++++ Task inputs ++++

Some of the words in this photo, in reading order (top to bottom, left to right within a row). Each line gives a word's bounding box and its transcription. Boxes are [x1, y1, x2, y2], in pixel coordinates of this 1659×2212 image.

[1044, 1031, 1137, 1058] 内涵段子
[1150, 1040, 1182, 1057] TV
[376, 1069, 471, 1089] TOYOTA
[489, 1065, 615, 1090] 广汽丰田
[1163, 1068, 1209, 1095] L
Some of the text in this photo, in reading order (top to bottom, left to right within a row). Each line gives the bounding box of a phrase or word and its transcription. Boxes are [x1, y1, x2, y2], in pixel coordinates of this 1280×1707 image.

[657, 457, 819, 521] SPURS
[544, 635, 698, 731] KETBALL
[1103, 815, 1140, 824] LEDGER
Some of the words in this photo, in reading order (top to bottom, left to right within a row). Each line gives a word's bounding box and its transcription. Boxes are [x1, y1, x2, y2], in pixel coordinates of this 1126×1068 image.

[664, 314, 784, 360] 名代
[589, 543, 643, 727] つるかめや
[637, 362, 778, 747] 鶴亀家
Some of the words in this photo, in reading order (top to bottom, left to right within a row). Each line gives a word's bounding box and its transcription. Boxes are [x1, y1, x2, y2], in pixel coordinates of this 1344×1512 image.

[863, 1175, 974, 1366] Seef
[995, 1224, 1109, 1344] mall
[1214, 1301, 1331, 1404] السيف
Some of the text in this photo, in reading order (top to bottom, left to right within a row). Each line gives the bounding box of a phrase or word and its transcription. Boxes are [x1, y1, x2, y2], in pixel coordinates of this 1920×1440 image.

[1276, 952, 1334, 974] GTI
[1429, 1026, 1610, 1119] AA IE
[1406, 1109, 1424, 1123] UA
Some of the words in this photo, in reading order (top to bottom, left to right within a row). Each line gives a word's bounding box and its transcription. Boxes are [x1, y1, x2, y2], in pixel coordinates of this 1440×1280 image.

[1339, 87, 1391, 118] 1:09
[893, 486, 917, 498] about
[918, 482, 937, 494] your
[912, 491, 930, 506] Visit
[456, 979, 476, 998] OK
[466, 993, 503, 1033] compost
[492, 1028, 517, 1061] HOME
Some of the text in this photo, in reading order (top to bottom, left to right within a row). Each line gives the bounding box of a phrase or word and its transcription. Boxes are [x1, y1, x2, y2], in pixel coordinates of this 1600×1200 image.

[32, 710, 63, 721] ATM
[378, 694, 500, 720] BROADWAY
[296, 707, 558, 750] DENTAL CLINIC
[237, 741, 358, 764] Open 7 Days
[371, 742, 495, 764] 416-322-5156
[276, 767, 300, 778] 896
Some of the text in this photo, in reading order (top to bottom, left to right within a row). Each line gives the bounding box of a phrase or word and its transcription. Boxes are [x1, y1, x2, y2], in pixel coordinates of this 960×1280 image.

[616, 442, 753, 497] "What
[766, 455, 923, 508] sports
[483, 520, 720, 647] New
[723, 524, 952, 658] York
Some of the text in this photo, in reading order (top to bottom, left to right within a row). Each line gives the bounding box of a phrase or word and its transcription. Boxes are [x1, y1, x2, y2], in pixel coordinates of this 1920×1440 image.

++++

*About this exercise*:
Print all the entries above. Keep each one exact.

*Task response*:
Some of the words in this photo, in reading order (top to bottom, left to right within a row). Each line gives a word's bounding box and its transcription. Boxes are [x1, y1, x2, y2], in pixel coordinates of this 1659×2212 image.

[1044, 1031, 1137, 1058] 内涵段子
[1150, 1040, 1182, 1057] TV
[376, 1069, 471, 1089] TOYOTA
[489, 1065, 615, 1090] 广汽丰田
[1163, 1068, 1209, 1095] L
Some of the text in this photo, in reading order (top to bottom, left to right within a row). Each line gives the bounding box of a phrase or word and its transcription. Boxes are [x1, y1, x2, y2], in pixel coordinates of this 1280×1707 image.

[657, 457, 819, 521] SPURS
[544, 635, 698, 731] KETBALL
[1103, 815, 1140, 824] LEDGER
Some of the words in this photo, in reading order (top to bottom, left to right within a row). Each line gives a word's bounding box and its transcription. Boxes are [x1, y1, x2, y2], in pixel coordinates of this 1126×1068 image.

[664, 314, 784, 360] 名代
[589, 543, 643, 727] つるかめや
[637, 362, 778, 747] 鶴亀家
Some of the words in this photo, in reading order (top to bottom, left to right within a row). Each line gives a word's bounding box and its transcription. Boxes are [x1, y1, x2, y2], in pixel coordinates of this 1344×1512 image.

[863, 1175, 974, 1366] Seef
[995, 1224, 1109, 1344] mall
[1214, 1301, 1331, 1404] السيف
Some of the text in this photo, in reading order (top to bottom, left to right within a row). Each line gives the bounding box of a phrase or word and its transcription. Boxes are [x1, y1, x2, y2], in pixel coordinates of this 1920×1440 image.

[1276, 952, 1334, 974] GTI
[1429, 1026, 1610, 1119] AA IE
[1406, 1109, 1424, 1123] UA
Some of the words in this photo, in reading order (top to bottom, left to right within a row). Each line gives a word's bounding box and its transcription. Boxes are [x1, y1, x2, y2], in pixel coordinates of this 1440×1280 image.

[1339, 87, 1391, 118] 1:09
[893, 486, 917, 498] about
[918, 482, 937, 494] your
[912, 491, 930, 506] Visit
[456, 979, 476, 998] OK
[466, 993, 503, 1033] compost
[492, 1028, 517, 1061] HOME
Some of the text in this photo, in reading order (top to bottom, left to right within a row). Each line gives the bounding box of a phrase or word and its transcription. Boxes are [x1, y1, x2, y2], in pixel coordinates of this 1600×1200 image.

[32, 710, 63, 721] ATM
[378, 694, 500, 720] BROADWAY
[296, 707, 558, 750] DENTAL CLINIC
[237, 741, 358, 764] Open 7 Days
[371, 742, 495, 764] 416-322-5156
[276, 767, 300, 778] 896
Some of the text in this photo, in reading order (top to bottom, left to right within a row). Each line gives the bounding box of a phrase or word and its transcription. Boxes are [x1, y1, x2, y2], in pixel coordinates of this 960×1280 image.

[616, 442, 753, 497] "What
[766, 455, 923, 508] sports
[483, 520, 720, 647] New
[723, 524, 952, 658] York
Some of the text in this photo, in reading order (top to bottom, left to right within a row). Each line gives the bounding box of a phrase or word and its transcription. Boxes are [x1, y1, x2, y2], in pixel coordinates of this 1920×1440 image.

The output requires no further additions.